WHAT THE TASK ASKS: Every line of the data below should be retyped exactly, with no images carried over.

THE RECORDS:
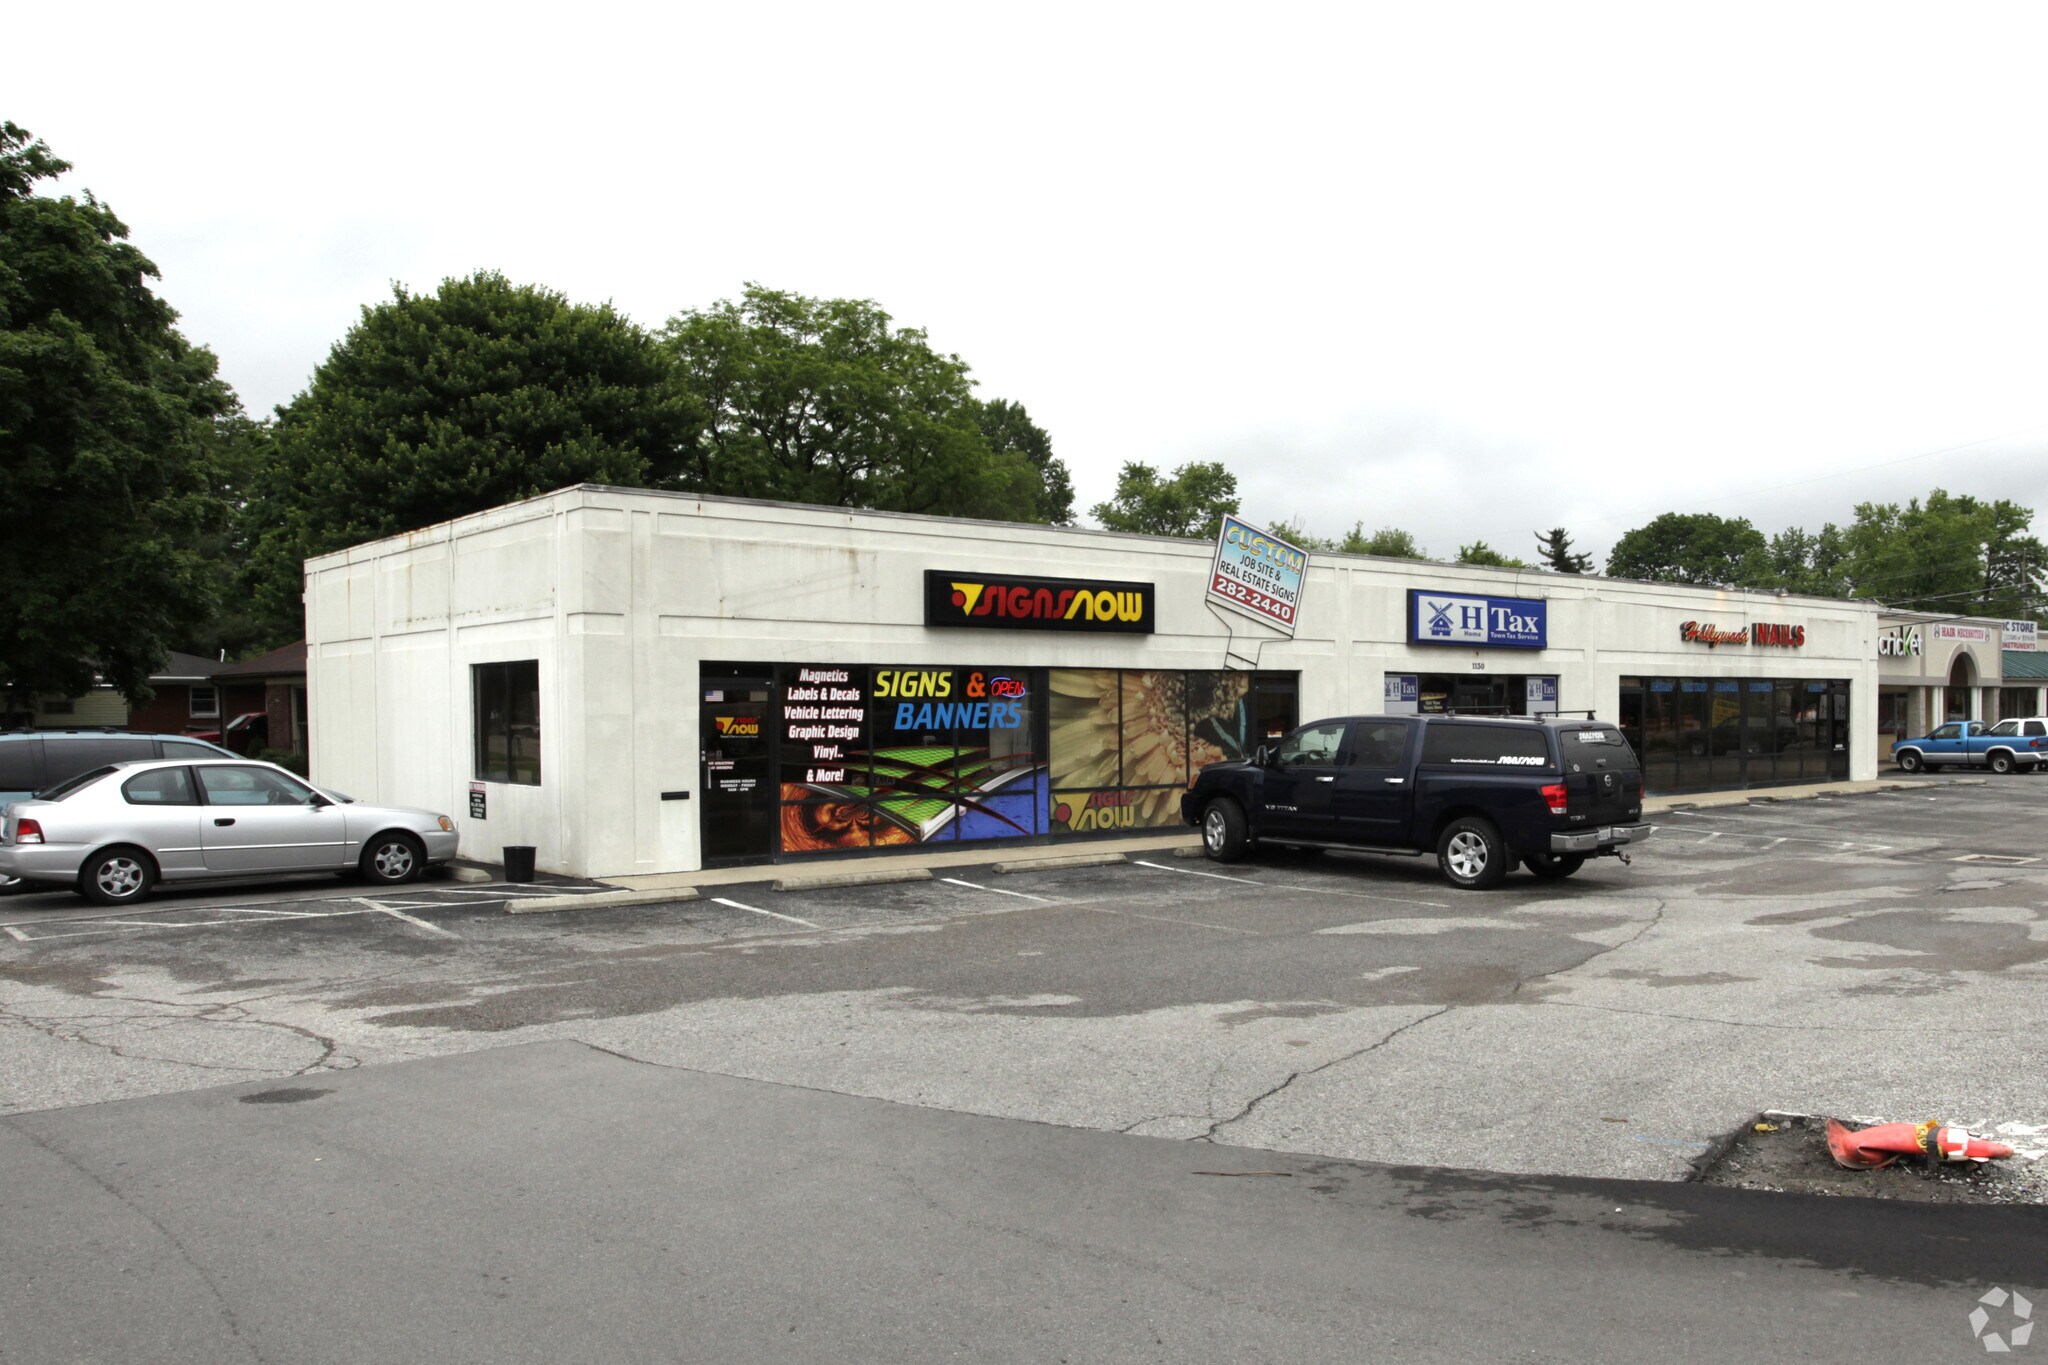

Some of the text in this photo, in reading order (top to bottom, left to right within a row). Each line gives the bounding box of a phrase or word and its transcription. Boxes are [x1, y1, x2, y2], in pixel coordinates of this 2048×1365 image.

[1226, 526, 1303, 575] CUSTOM
[1240, 555, 1281, 581] JOB SITE &
[1220, 560, 1295, 603] REAL ESTATE SIGNS
[1216, 578, 1291, 619] 282-2440
[1460, 605, 1539, 634] H Tax
[1682, 621, 1804, 647] Hollywood NAILS
[1941, 627, 1984, 639] HAIR NECESSITIES
[2012, 622, 2034, 633] STORE
[1879, 625, 1922, 656] cricket
[2002, 642, 2035, 650] INSTRUMENTS
[799, 669, 848, 684] Magnetics
[874, 671, 986, 698] SIGNS &
[991, 681, 1024, 696] OPEN
[1402, 682, 1415, 693] Tax
[1543, 683, 1554, 694] Tax
[787, 687, 860, 701] Labels & Decals
[784, 706, 864, 721] Vehicle Lettering
[894, 703, 1022, 730] BANNERS
[789, 725, 859, 740] Graphic Design
[806, 769, 844, 782] & More!

RESPONSE:
Some of the text in this photo, in reading order (top to bottom, left to right within a row). Each line gives the bounding box of a phrase or word and its transcription. Boxes are [x1, y1, x2, y2], in pixel coordinates of this 2048×1365 image.

[1226, 526, 1303, 575] CUSTOM
[1240, 555, 1281, 581] JOB SITE &
[1220, 560, 1295, 603] REAL ESTATE SIGNS
[1216, 578, 1291, 619] 282-2440
[1460, 605, 1539, 634] H Tax
[1682, 621, 1804, 647] Hollywood NAILS
[1941, 627, 1984, 639] HAIR NECESSITIES
[2012, 622, 2034, 633] STORE
[1879, 625, 1922, 656] cricket
[2002, 642, 2035, 650] INSTRUMENTS
[799, 669, 848, 684] Magnetics
[874, 671, 986, 698] SIGNS &
[991, 681, 1024, 696] OPEN
[1402, 682, 1415, 693] Tax
[1543, 683, 1554, 694] Tax
[787, 687, 860, 701] Labels & Decals
[784, 706, 864, 721] Vehicle Lettering
[894, 703, 1022, 730] BANNERS
[789, 725, 859, 740] Graphic Design
[806, 769, 844, 782] & More!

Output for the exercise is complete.